Unless the first character was null, in which case it would be ignored by the condition... Also, you don't need to dereference a pointer in order to increase it.
I feel like this is idiomatic C but needlessly verbose. Most people would combine the increment with the assignment. And most people would recognize putting it in the while condition as a common strcpy.
I think this is why there are parantheses around current->uid = 0. gcc has the option -Wparentheses, which gives a warning if you write something like this:
if (a = b) doSomething;
But there is no warning if you write it like this:
if ((a = b)) doSomething;
The convention is that with these unneeded parantheses, you are signalling that you actually want the assignment here. I would assume other static code analysis tools use this convention as well.
Was this a backdoor or not? Following the comments on the article and previous posts here on HN it seems the jury is out AFAICS.
The crucial question to me seems to be if this condition:
options == (__WCLONE|__WALL)
can be willfully introduced by a bad actor, and otherwise never really occur. Unfortunately I don't know this (not familiar with Linux development) but herein lies the answer it would seem.

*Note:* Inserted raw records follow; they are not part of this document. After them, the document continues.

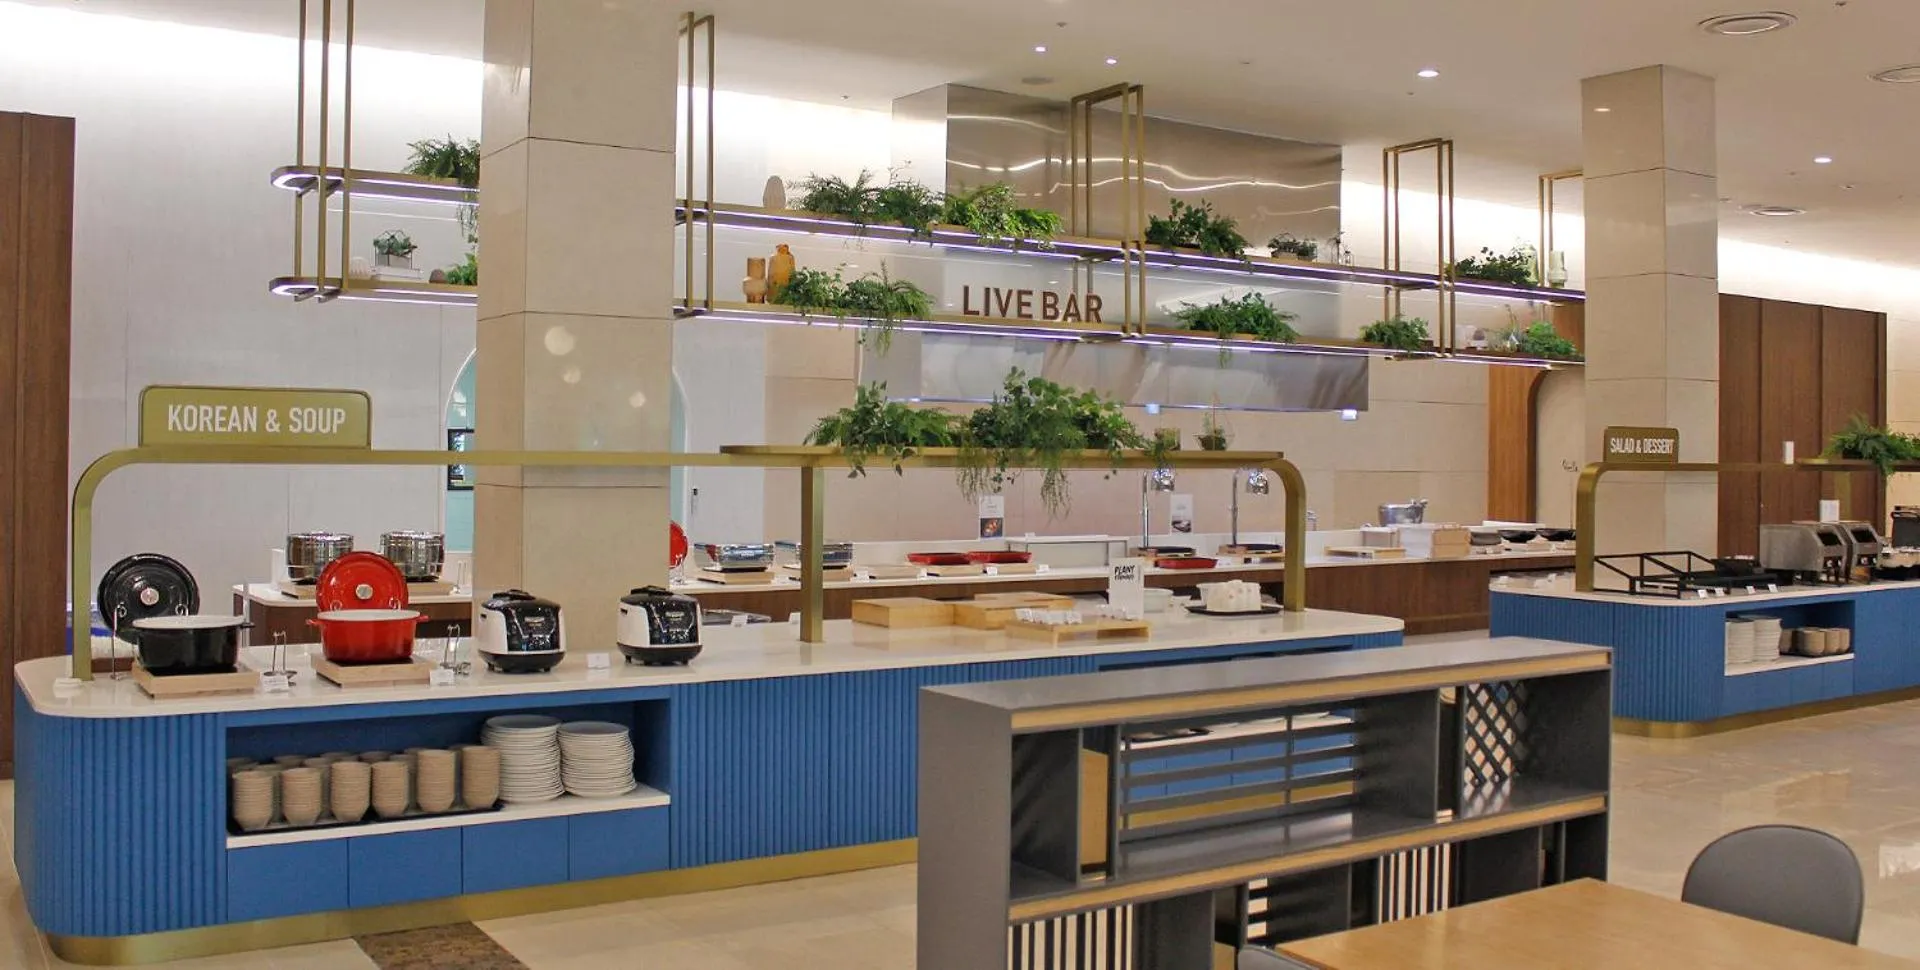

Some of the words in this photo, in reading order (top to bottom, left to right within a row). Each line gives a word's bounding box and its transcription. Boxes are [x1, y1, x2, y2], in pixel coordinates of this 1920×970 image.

[963, 286, 1033, 319] LIVE
[1042, 291, 1102, 323] BAR
[168, 404, 257, 433] KOREAN
[265, 409, 281, 433] &
[289, 407, 346, 434] SOUP
[1610, 437, 1634, 453] SALAD
[1636, 439, 1642, 453] &
[1643, 438, 1674, 453] DESSERT

The following Linux-specific options [..] can also, since Linux 4.7, be used with waitid():
__WCLONE [...] This option is ignored if __WALL is also specified.
__WALL
So to trigger this:
* You have to call a deprecated function
* With a flag that was at that time illegal (linux < 4.7)
* And a second illegal flag that is cancelled out by the first illegal flag.
This is something any userspace process can do, but no sane process should ever do.
It has been a long time since I make sure my codebases have `-Wall -Werror`. This bug is from 2003 both when that wasn't as common & when compiler diagnostics weren't as good/reliable.
each commit's id is an integrity hash of the repository at the time of commit. git doesn't provide access control; it relies on access controls built-into whichever transport mechanisms you choose to enable (https, ssh, etc).
you can sign commits with PGP signatures and with hooks, you can reject commits that aren't signed. i believe maintainers sign commits in the linux repo.
and then the compiler complains if you go fiddling with userid outside this function where you deliberately opened a backdoor to write to it. (and you can wrap pragmas around that function to turn off warnings).
There are legitimate reasons to change the uid at runtime. For example, some server software starts as root and then drops to a less-privileged user. Android relies on this too, zygote, the fully-initialized "blank" runtime process, runs as root and gets forked and changes uid to the corresponding unprivileged user whenever an app is launched.
I think that this might be an typo or at least it has plausible deniability. I have changed my coding style to always put constant on left side just to avoid such an error (such typo gave me a few days of debugging multithreaded code and I have just said "Never again!!" :D)
Even with the "typo" corrected, the patch makes no sense. There is no plausible deniability why it should do what it would do. It was definitely a deliberate attack.
Worse, agencies such as the NSA have two missions: offence and defence. Adding in backdoors helps the offensive mission, but hurts the defensive mission, so it only makes sense if the backdoor isn't so easy to find. An obvious backdoor hurts the US far more than it helps the US. This one was too obvious.
Some ideas:
1) A script kiddie found some way to break-in and edit CVS. The entire idea being to have something to brag about. This was caught too early to be brag-worthy (breaking ancient CVS isn't something to brag about).
2) It was a warning shot from some Western agency meaning "tighten up your security".